• [Your task]: Your reply should contain only the line with "this 1200×1600 image." and the lines after it through the end of the data, each written out exactly.
=== Begin Enclosure ===
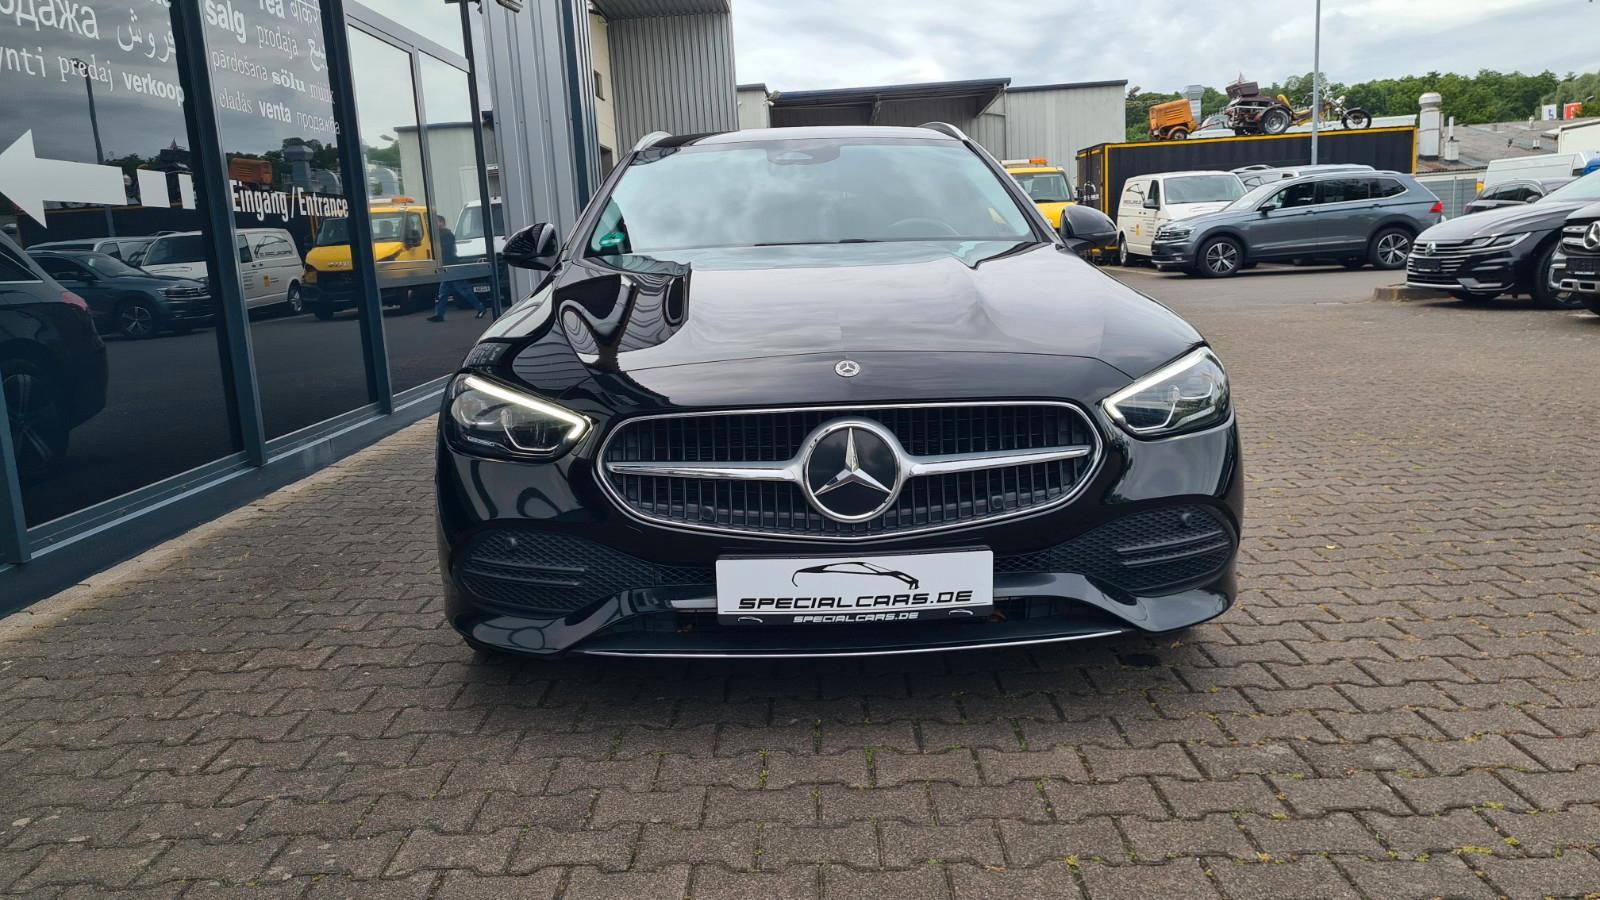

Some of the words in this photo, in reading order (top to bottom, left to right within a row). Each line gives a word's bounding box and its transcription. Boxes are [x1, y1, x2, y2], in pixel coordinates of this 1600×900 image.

[205, 0, 247, 44] salg
[256, 24, 299, 60] prodaja
[57, 54, 113, 92] predaj
[122, 71, 185, 107] verkoop
[271, 68, 306, 93] sölu
[258, 100, 292, 123] venta
[738, 590, 974, 610] SPECIALCARS.DE
[793, 612, 919, 623] SPECIALCARS.DE
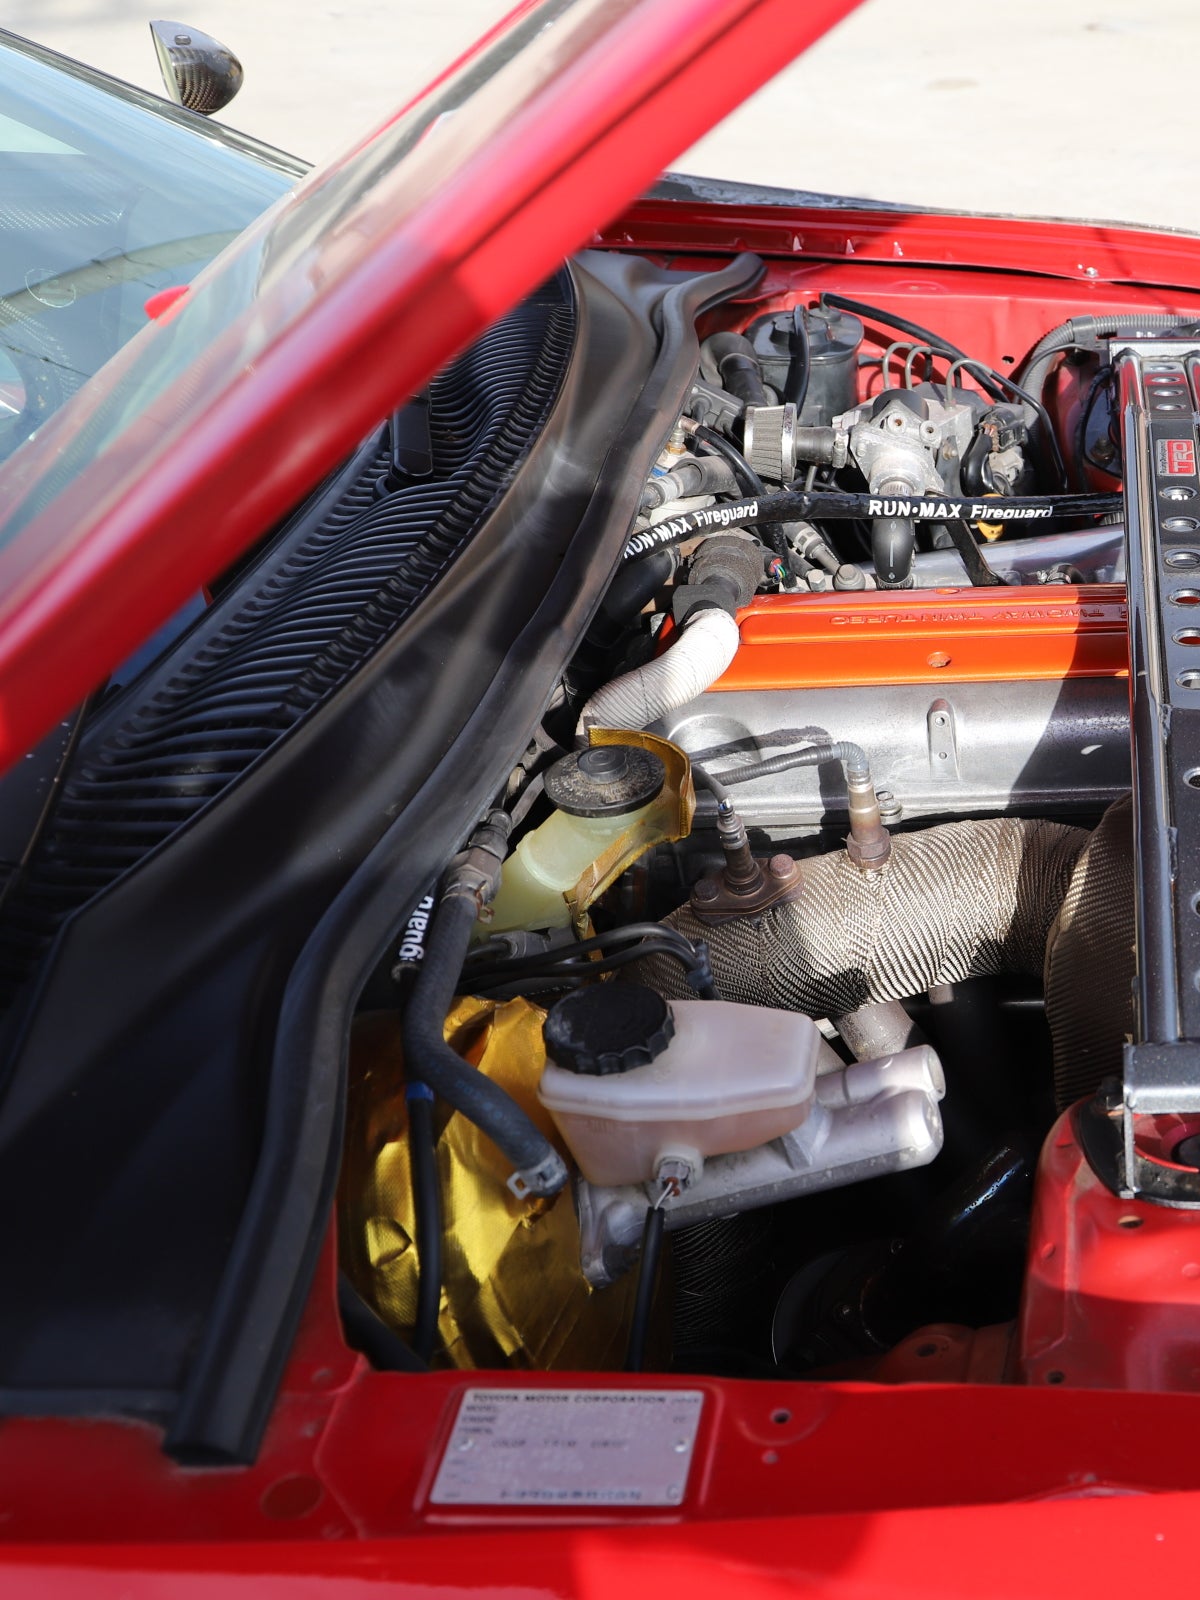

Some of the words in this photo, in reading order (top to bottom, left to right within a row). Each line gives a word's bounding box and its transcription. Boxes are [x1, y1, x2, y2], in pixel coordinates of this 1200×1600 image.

[1172, 442, 1194, 473] TRD
[692, 501, 758, 527] Fireguard
[969, 505, 1054, 519] Fireguard
[473, 1393, 518, 1402] TOYOTA
[525, 1394, 569, 1402] MOTOR
=== End Enclosure ===
• [Response area]:
Some of the words in this photo, in reading order (top to bottom, left to right within a row). Each line gives a word's bounding box and its transcription. Boxes are [x1, y1, x2, y2], in pixel coordinates of this 1200×1600 image.

[1172, 442, 1194, 473] TRD
[692, 501, 758, 527] Fireguard
[969, 505, 1054, 519] Fireguard
[473, 1393, 518, 1402] TOYOTA
[525, 1394, 569, 1402] MOTOR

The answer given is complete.